── Data to examine

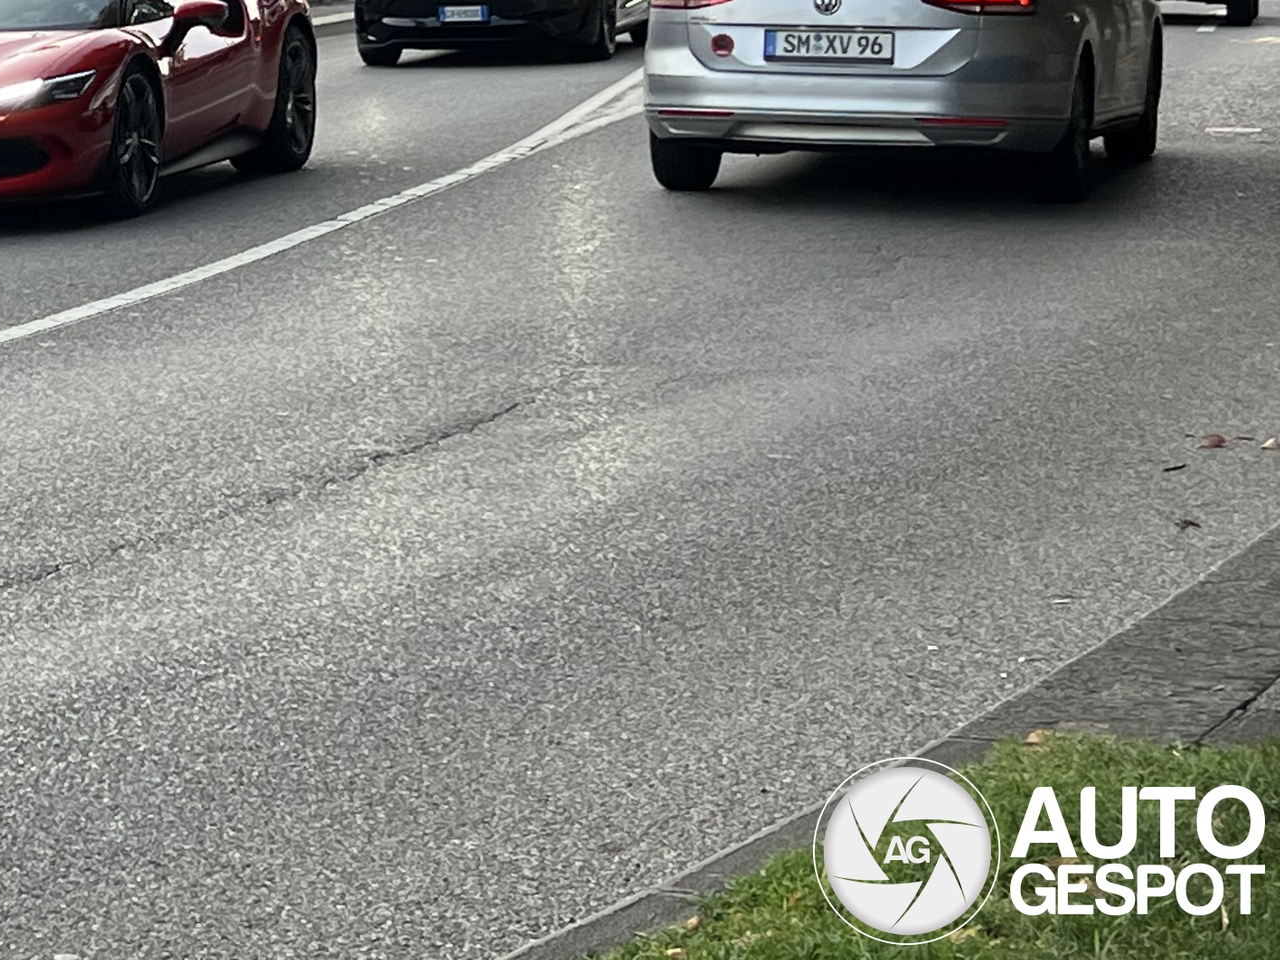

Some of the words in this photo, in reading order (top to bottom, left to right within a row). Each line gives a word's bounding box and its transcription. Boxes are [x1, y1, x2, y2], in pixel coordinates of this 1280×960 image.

[783, 34, 811, 53] SM
[824, 35, 852, 54] XV
[857, 35, 883, 55] 96
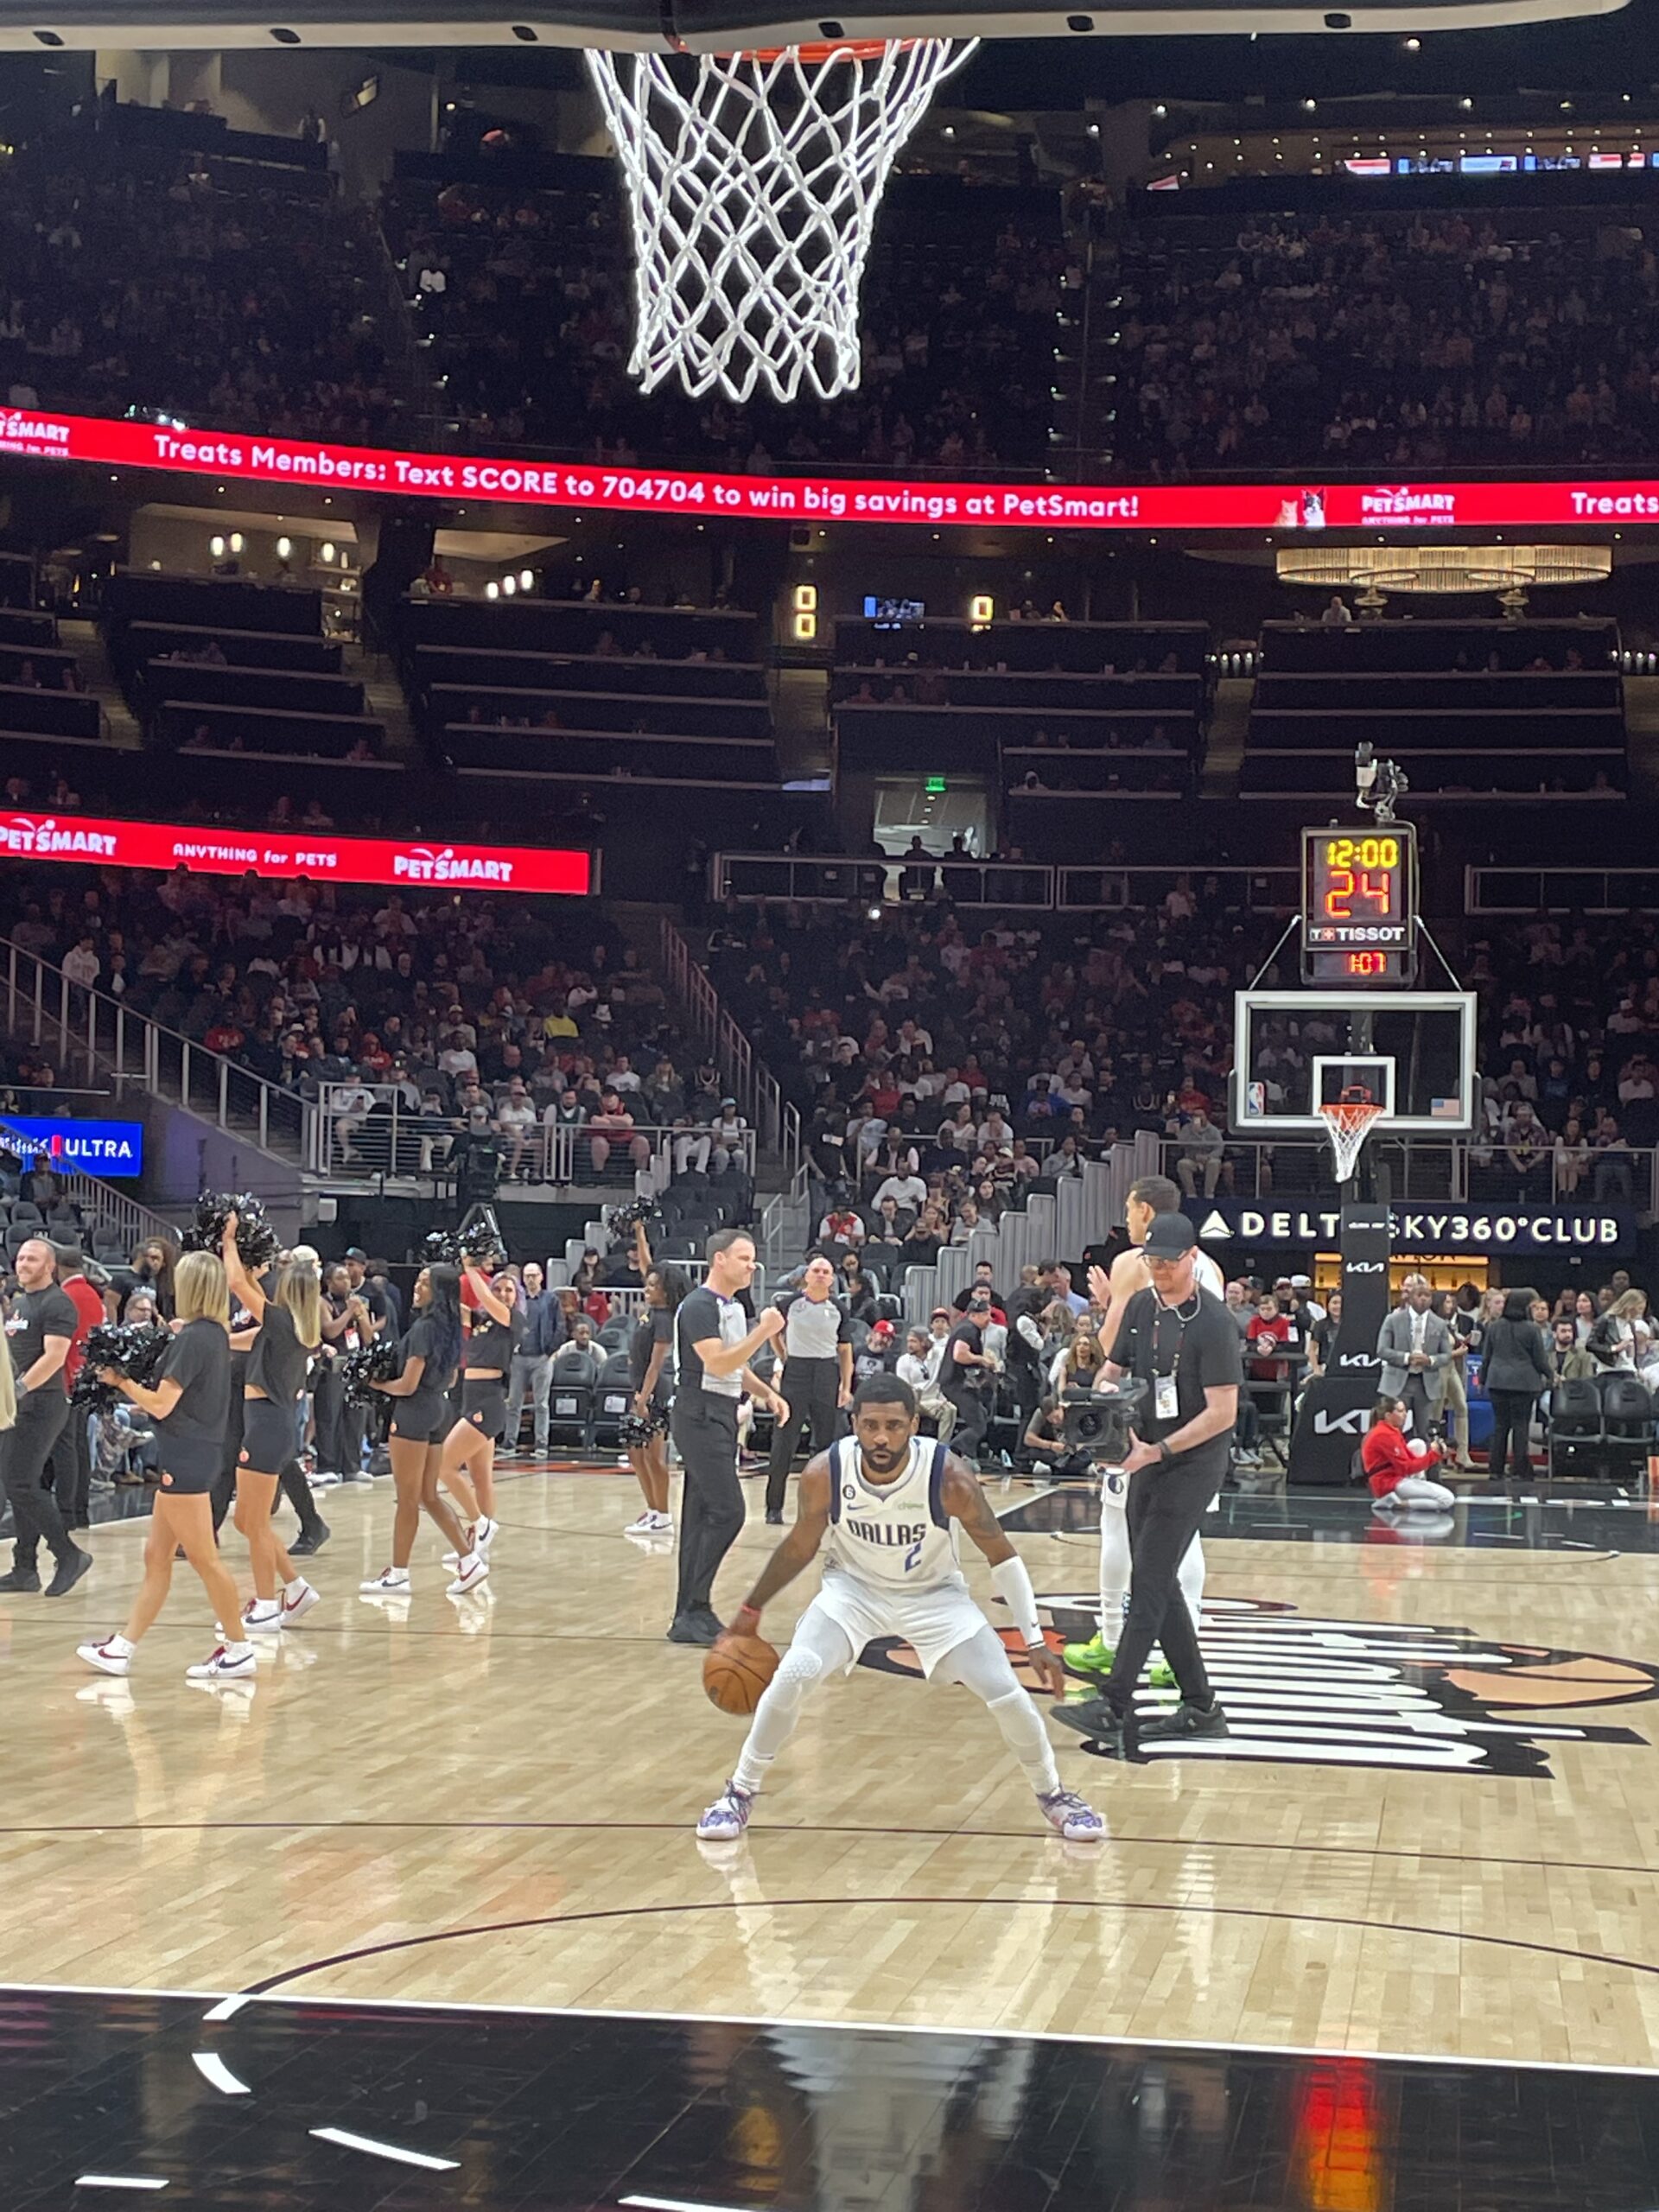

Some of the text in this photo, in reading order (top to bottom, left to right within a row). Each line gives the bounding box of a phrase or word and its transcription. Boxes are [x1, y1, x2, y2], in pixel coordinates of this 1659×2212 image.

[0, 421, 69, 442] TSMART
[154, 434, 1139, 518] Treats Members: Text SCORE to 704704 to win big savings at PetSmart!
[1362, 493, 1455, 513] PETSMART
[1571, 492, 1659, 515] Treats
[0, 826, 117, 855] PETSMART
[1328, 839, 1398, 868] 12:00
[173, 842, 337, 868] ANYTHING for PETS
[394, 855, 513, 882] PETSMART
[1325, 870, 1389, 918] 24
[1336, 927, 1406, 942] TISSOT
[65, 1137, 134, 1159] ULTRA
[1242, 1212, 1340, 1239] DELT
[847, 1518, 927, 1546] DALLAS
[905, 1541, 922, 1573] 2
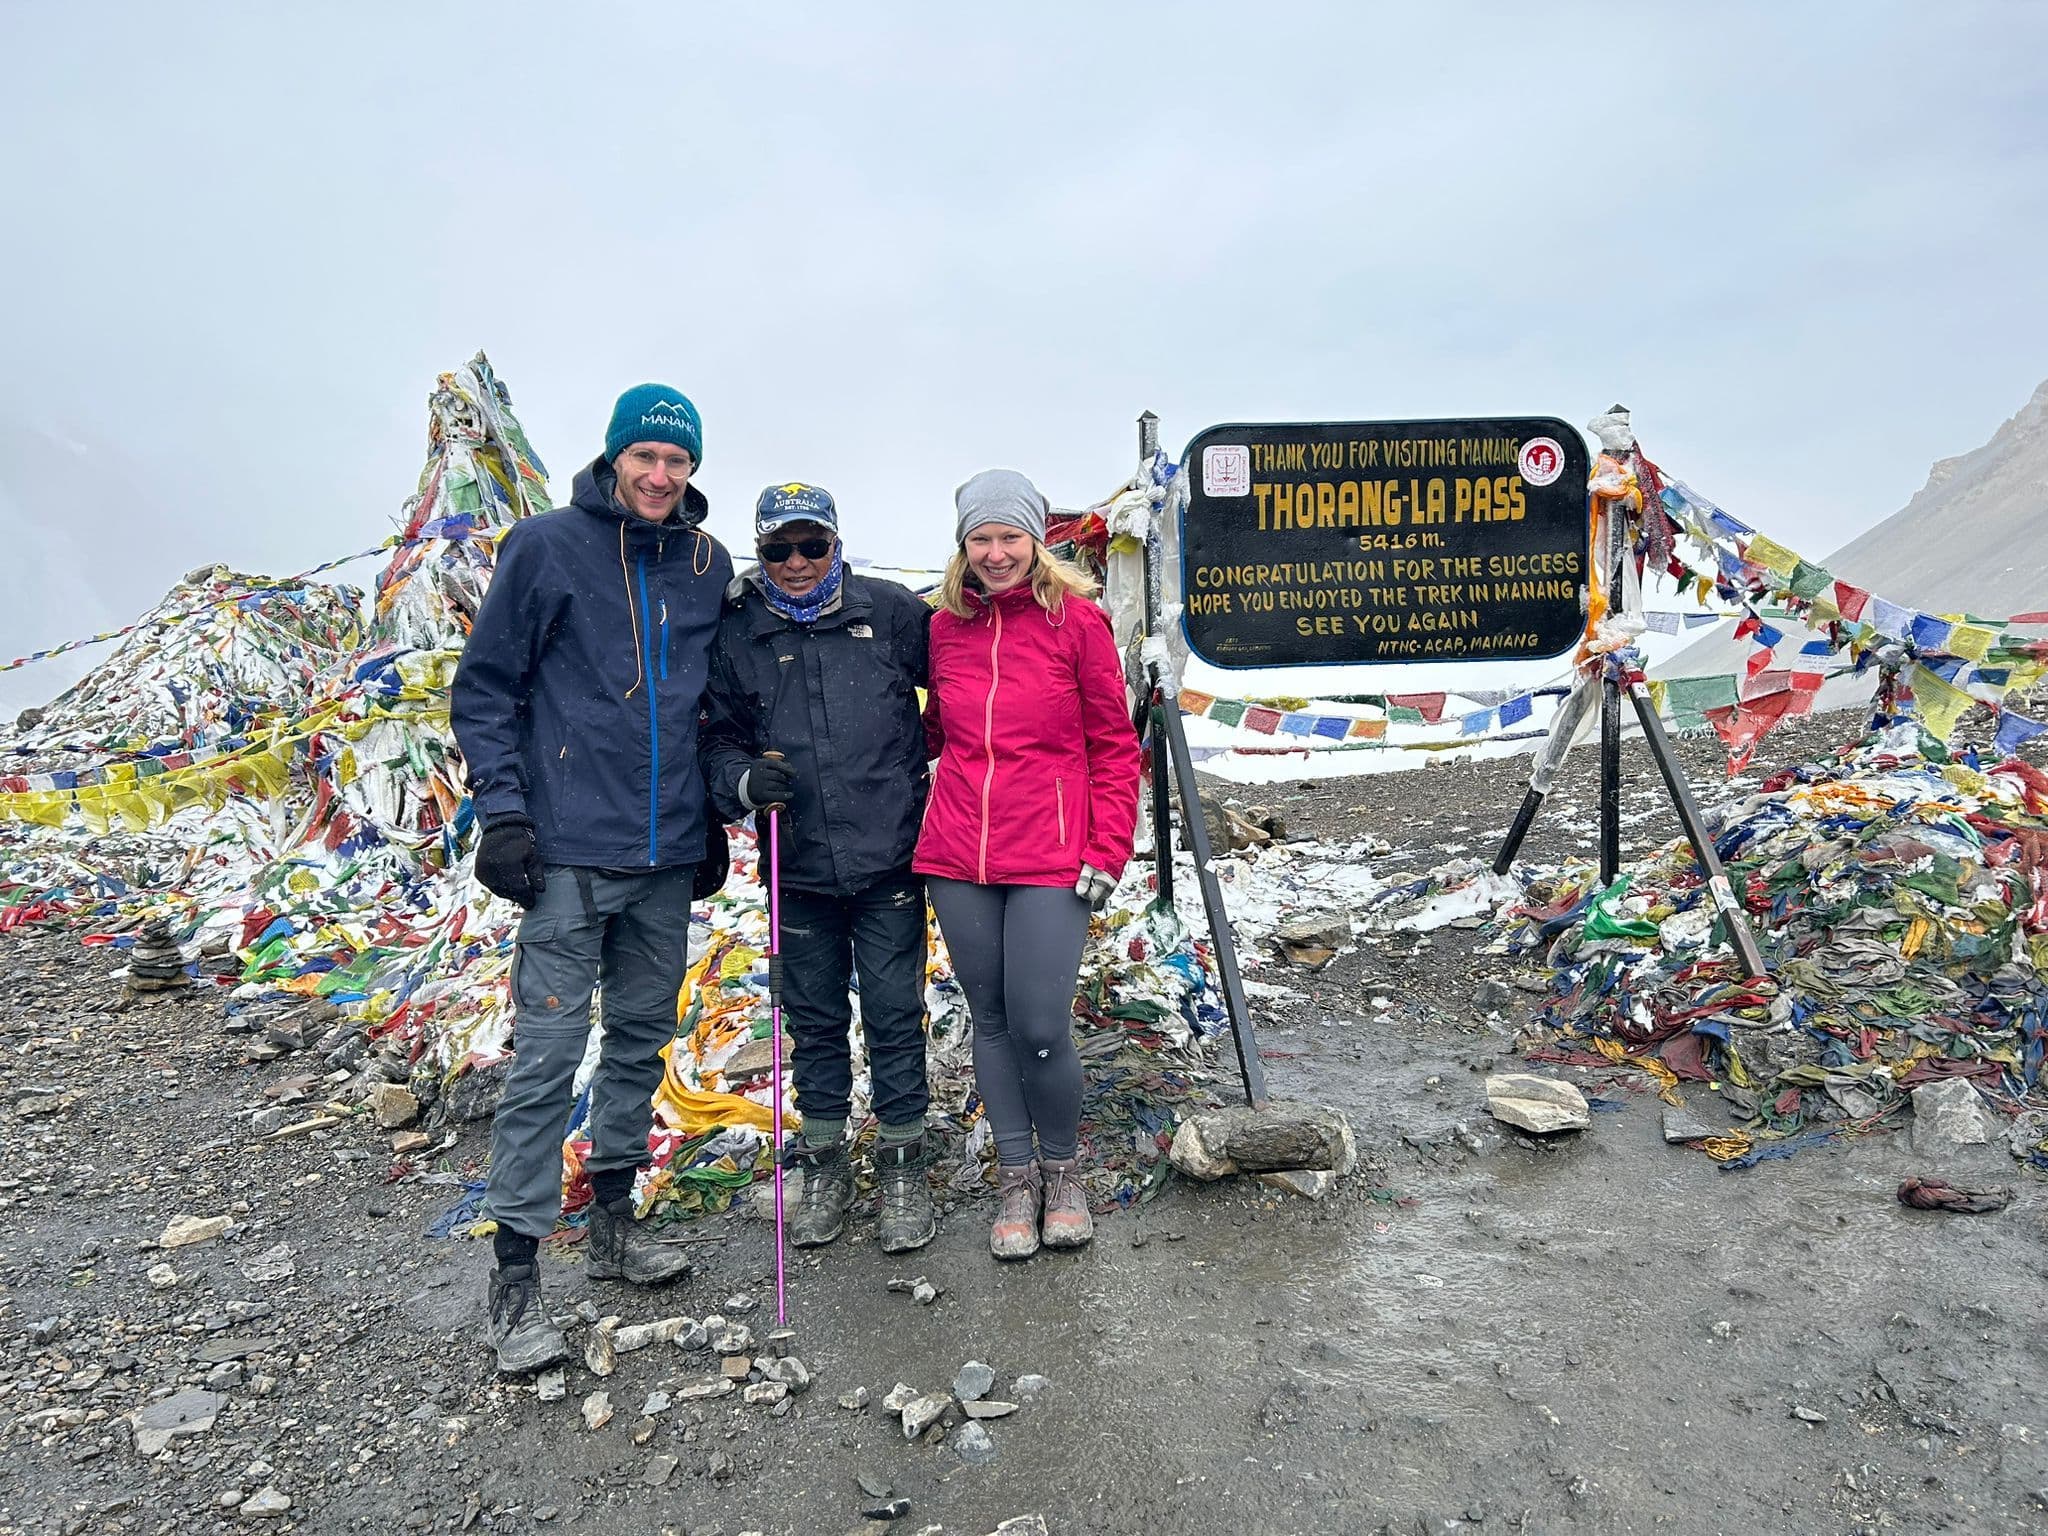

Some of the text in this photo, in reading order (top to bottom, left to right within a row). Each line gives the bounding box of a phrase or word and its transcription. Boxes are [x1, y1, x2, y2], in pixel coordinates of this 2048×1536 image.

[641, 415, 695, 433] MANANG
[1251, 442, 1307, 472] THANK
[1311, 442, 1343, 470] YOU
[1349, 439, 1378, 469] FOR
[1383, 438, 1456, 468] VISITING
[1461, 437, 1519, 466] MANANG
[774, 498, 820, 510] AUSTRALIA
[1253, 475, 1526, 531] THORANG-LA PASS
[1359, 532, 1445, 552] 5416 m.
[1196, 551, 1579, 588] CONGRATULATION FOR THE SUCCESS
[1190, 579, 1574, 616] HOPE YOU ENJOYED THE TREK IN MANANG
[1296, 609, 1479, 637] SEE YOU AGAIN
[1470, 633, 1540, 650] MANANG

────

▶ _Exercise_
The reply should reproduce every entry above word for word and contain no pictures.

▶ _Answer to the problem_
Some of the words in this photo, in reading order (top to bottom, left to right within a row). Each line gives a word's bounding box and its transcription. Boxes are [x1, y1, x2, y2], in pixel coordinates of this 1280×960 image.

[783, 34, 811, 53] SM
[824, 35, 852, 54] XV
[857, 35, 883, 55] 96

Some of the text in this photo, in reading order (top to bottom, left to right within a row). Each line gives the bounding box of a phrase or word and its transcription. Boxes are [x1, y1, x2, y2], in pixel coordinates of this 1659×2212 image.

[0, 421, 69, 442] TSMART
[154, 434, 1139, 518] Treats Members: Text SCORE to 704704 to win big savings at PetSmart!
[1362, 493, 1455, 513] PETSMART
[1571, 492, 1659, 515] Treats
[0, 826, 117, 855] PETSMART
[1328, 839, 1398, 868] 12:00
[173, 842, 337, 868] ANYTHING for PETS
[394, 855, 513, 882] PETSMART
[1325, 870, 1389, 918] 24
[1336, 927, 1406, 942] TISSOT
[65, 1137, 134, 1159] ULTRA
[1242, 1212, 1340, 1239] DELT
[847, 1518, 927, 1546] DALLAS
[905, 1541, 922, 1573] 2

Some of the text in this photo, in reading order (top to bottom, left to right within a row). Each line gives the bounding box of a phrase or word and its transcription. Boxes are [x1, y1, x2, y2], in pixel coordinates of this 2048×1536 image.

[641, 415, 695, 433] MANANG
[1251, 442, 1307, 472] THANK
[1311, 442, 1343, 470] YOU
[1349, 439, 1378, 469] FOR
[1383, 438, 1456, 468] VISITING
[1461, 437, 1519, 466] MANANG
[774, 498, 820, 510] AUSTRALIA
[1253, 475, 1526, 531] THORANG-LA PASS
[1359, 532, 1445, 552] 5416 m.
[1196, 551, 1579, 588] CONGRATULATION FOR THE SUCCESS
[1190, 579, 1574, 616] HOPE YOU ENJOYED THE TREK IN MANANG
[1296, 609, 1479, 637] SEE YOU AGAIN
[1470, 633, 1540, 650] MANANG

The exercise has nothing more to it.